Annelou Robin, Manon Haegeli, Emma-Lou Covo
Le 4 mars 2024, une loi a inscrit dans la constitution le fait que la détermination de la liberté garantie des femmes à avoir recours à une interruption volontaire de grossesse doit être fixé, constitutionnalisé dans une loi (article 34 de la Constitution), le résultat de nombreux efforts et de plusieurs années de tergiversations au sein de l’Assemblée Nationale, ainsi que de débats au sein de l’espace public.
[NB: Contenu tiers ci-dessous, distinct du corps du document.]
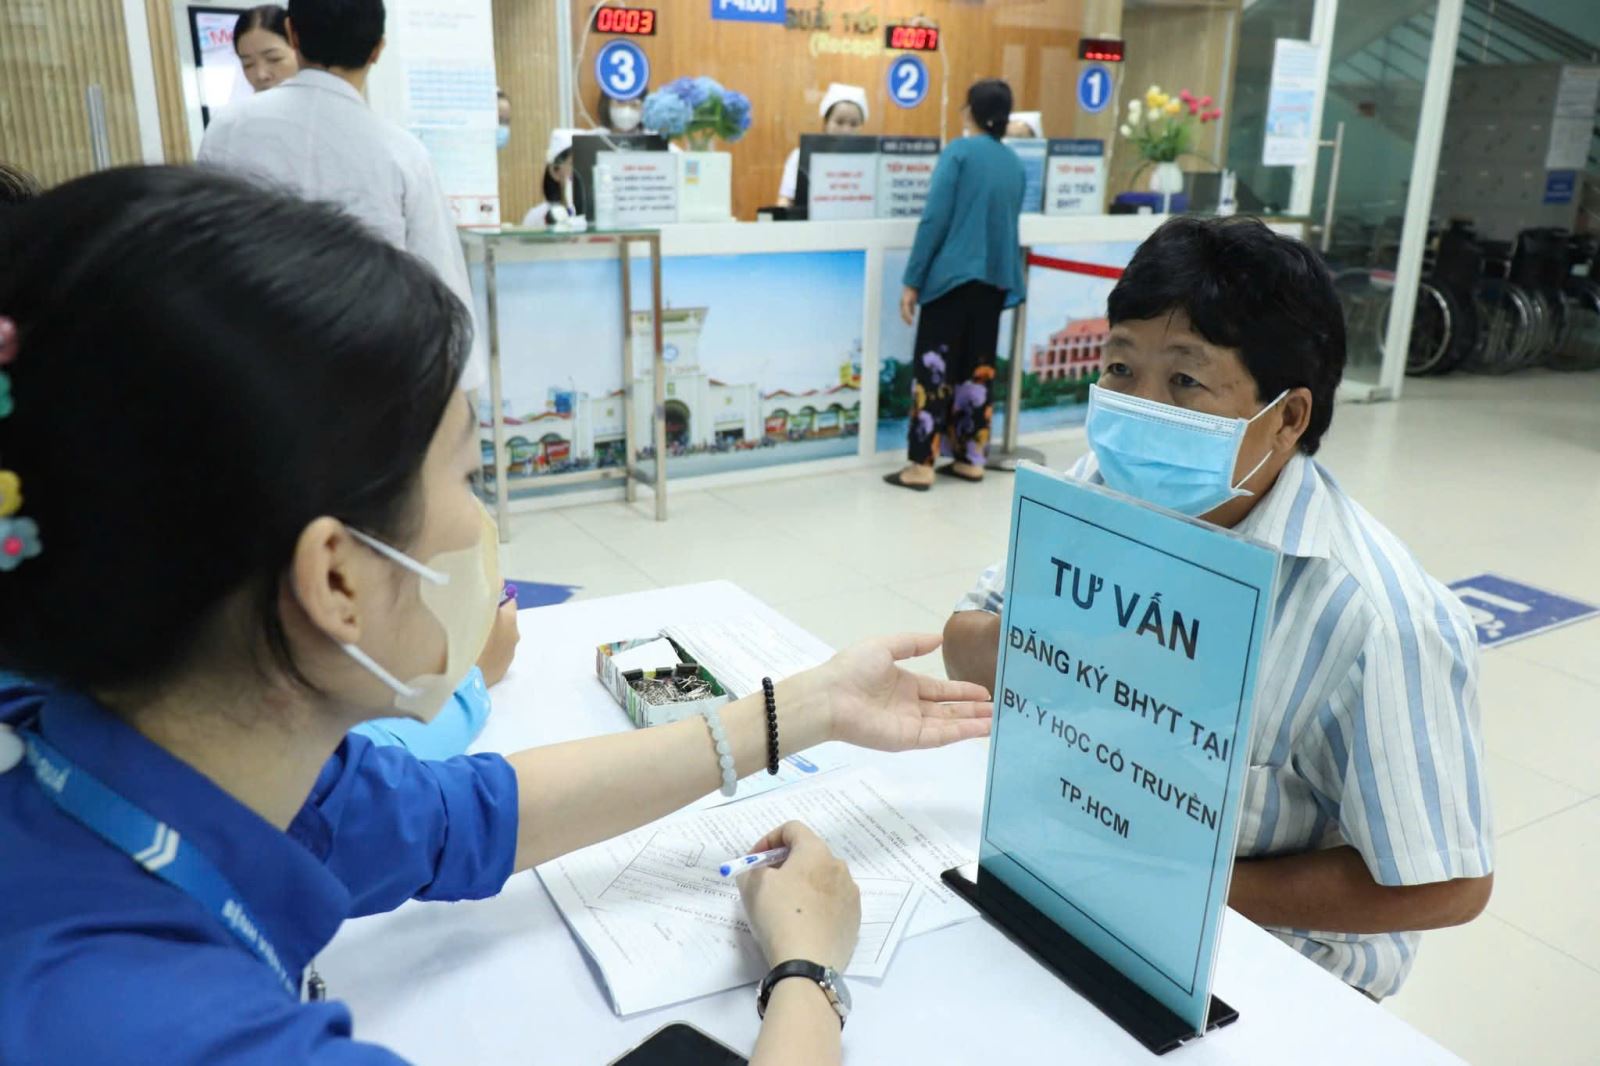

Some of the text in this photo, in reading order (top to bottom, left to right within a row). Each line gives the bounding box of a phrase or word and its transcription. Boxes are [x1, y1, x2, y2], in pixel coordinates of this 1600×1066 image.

[597, 7, 654, 34] 0003
[891, 26, 938, 50] 0007
[610, 49, 636, 91] 3
[897, 63, 919, 99] 2
[1087, 73, 1101, 106] 1
[1051, 557, 1200, 661] TƯ VẤN
[1010, 626, 1229, 762] ĐĂNG KÝ BHYT TẠI
[1004, 687, 1029, 718] BV.
[1036, 705, 1048, 726] Y
[1051, 715, 1090, 753] HỌC
[1131, 761, 1217, 831] TRUYỀN
[1060, 776, 1129, 839] TP.HCM
En effet, la première proposition de ce texte de loi, datant d’octobre 2022, ne parlait pas de liberté, mais bien de droit à l’accès à l’IVG. Il aura fallu deux ans aux parlementaires pour s’accorder sur les termes précis du texte de loi, témoignant de l’importance des mots choisis. Si cette supposée avancée dans le droit des femmes crée, plus que jamais, débat aujourd’hui, en raison du terme « liberté garantie » présent dans le texte, c’était déjà le cas lors de la toute première proposition de ce texte de loi qui avait fait l’objet d’un débat télévisé diffusée sur la chaîne Public Sénat.
Diffusé le 20 octobre 2022 lors de la matinale « Bonjour chez vous » présentée par Oriance Mancini, ce débat opposait Mélanie Vogel, sénatrice membre d’Europe Écologie Les Verts, en faveur de la constitutionnalisation du droit à l’IVG et rédactrice de la première proposition du texte de loi, à Agnès Canayer, sénatrice apparentée au parti LR et réticente à sa constitutionnalisation.
À partir d’un extrait (https://www.youtube.com/watch?v=Cckf6nkNiWg&t=817s : 6min57 – 13min37), nous allons analyser la manière dont la chaîne de télévision Public Sénat organise et structure le débat, ce qui nous conduira à interroger les tenants et les aboutissants des propos tenus par les deux sénatrices. Si les deux femmes débattent ici de l’inscription ou non dans la constitution du droit à l’IVG, nous allons voir qu’il s’agit implicitement d’un questionnement sur sa formulation avec notamment l’utilisation de la notion de « droit ». Nous pouvons ainsi nous interroger sur la manière dont ce débat télévisé soulève la question de l’effectivité et de l’accessibilité à l’IVG, nous poussant ainsi à nous demander comment cette question se retrouve au cœur du débat de la constitutionnalisation du droit, aux côtés du principe de non régression, qui semble inquiéter beaucoup des sénateurs en opposition à cette inscription.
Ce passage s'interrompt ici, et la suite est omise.